We’re surveying people about their experiences with dyslexia. Here will be a collection of their responses.

*This information is not meant to replace medical advice, and the information gathered via surveys may or may not be correct. Hopefully it will be helpful to you!

*Response format = Answer (Name, Age)

**Click here to share your experience with dyslexia**

Dyslexia Symptoms

What symptoms have you experienced?

  • Trouble in school and anxiety attacks because I get stressed, I can’t understand it. (Destini, 16 years old)
  • Moving letters while reading, auditory comprehension disruption, reading comprehension issues. (Jacqui, 25 years old)
  • Speech and confusion. (Rosa-lee, 33 years old)
  • I have a learning disability. I have dyscalculia, dyslexia, trouble remembering, comprehension issues, OCD, and on top of it, I feel like I’m getting old before my time because I’ve had to work so hard to keep up without help for my disability. (Rachelle, 41 years old)
  • I suffer bad anxiety because of going through school also been through drug addiction because I didn’t feel good enough about myself I’ve struggled with reading and writing but now I’m doing a lot better with technology. (Callan, 44 years old)
  • Reading comprehension errors, transposition of letters and words in reading and writing, hearing problems, speech problems. I say things the wrong way.  I hear things the wrong way. Bad penmanship. Cannot read, type, or write when under extreme emotional stress. Communications problems cause relationship issues. Even though I mouth every word when reading and I am a writer, it is extremely difficult to read aloud. Also, I can’t play card games because I mix up the Spades/Clubs and hearts/diamonds. (Theron, 46 years old)
  • Difficulty with reading, spelling, and math. (Becky, 46 years old)
  • Spatial problems like catching a ball, spelling, bad memory of words and numbers, reading disability, difficulty with mental arithmetic, difficulty reading out loud. (Robyn, 46 years old)
  • Many. (Heidi, 48 years old)

Dyslexia Causes

Is there anything you believe contributed to or caused your Dyslexia?

  • No, I was born with it. (Destini, 16 years old)
  • I don’t know. It’s been since I was about 8 years old. (Jacqui, 25 years old)
  • I was born with it. (Rosa-lee, 33 years old)
  • It is hereditary. (Rachelle, 41 years old)
  • Moving schools at 7 years old and being lost in the system. (Callan , 44 years old)
  • Some people are just lucky, I reckon. (Theron, 46 years old)
  • My father has it along with several family members on his side of the family. (Becky, 46 years old)
  • I have had this ever since I was a little girl. (Heidi, 48 years old)

Dyslexia Facts

What are some interesting facts about Dyslexia?

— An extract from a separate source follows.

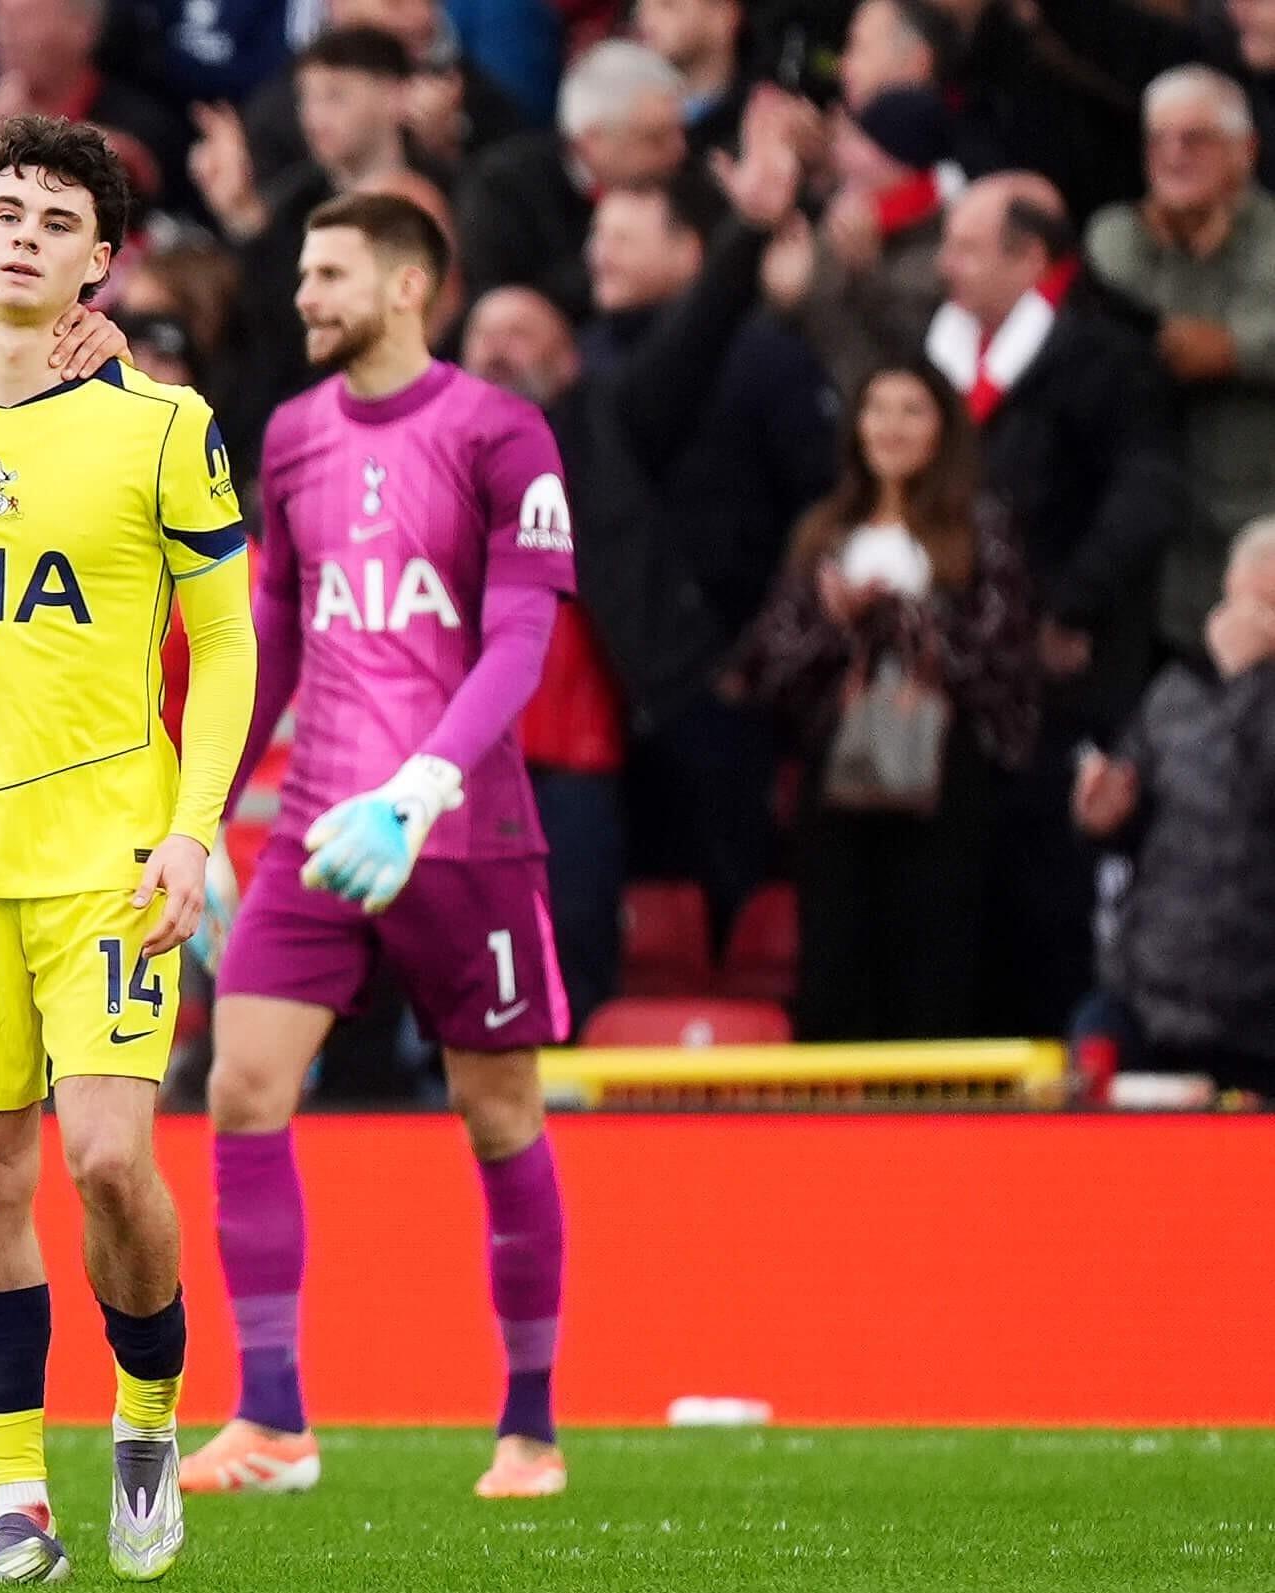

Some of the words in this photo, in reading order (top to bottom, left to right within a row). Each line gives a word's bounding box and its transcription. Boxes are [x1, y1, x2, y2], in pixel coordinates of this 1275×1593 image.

[312, 557, 462, 632] AIA
[99, 938, 163, 1018] 14
[487, 929, 517, 1004] 1

·        It allows you to think differently than others. (Destini, 16 years old)

·        It often goes undiagnosed. (Jacqui, 25 years old)

·        For me it’s genetic. (Rosa-lee, 33 years old)

·        My dyslexia runs so deep that I have trouble breathing when I swim. (Rachelle, 41 years old)

·        Many successful people have a form of dyslexia. (Callan, 44 years old)

·        If you read and write well, then you probably aren’t encrypting your words. You’re just relying on incredibly powerful memory. (Theron, 46 years old)

·        It made me hone my audio and visual skills which helped me a lot in college. (Becky, 46 years old)

·        I can “see movement,” which has made me an excellent personal trainer. With dyslexia, you can relate seemingly unrelated things and see interesting patterns. (Robyn, 46 years old)

·        How much it influences. (Heidi, 48 years old)

·        Not everyone has the same problem because of dyslexia. (Barbara, 50 years old)

Dyslexia Difficulties

What are the hardest aspects of living with Dyslexia?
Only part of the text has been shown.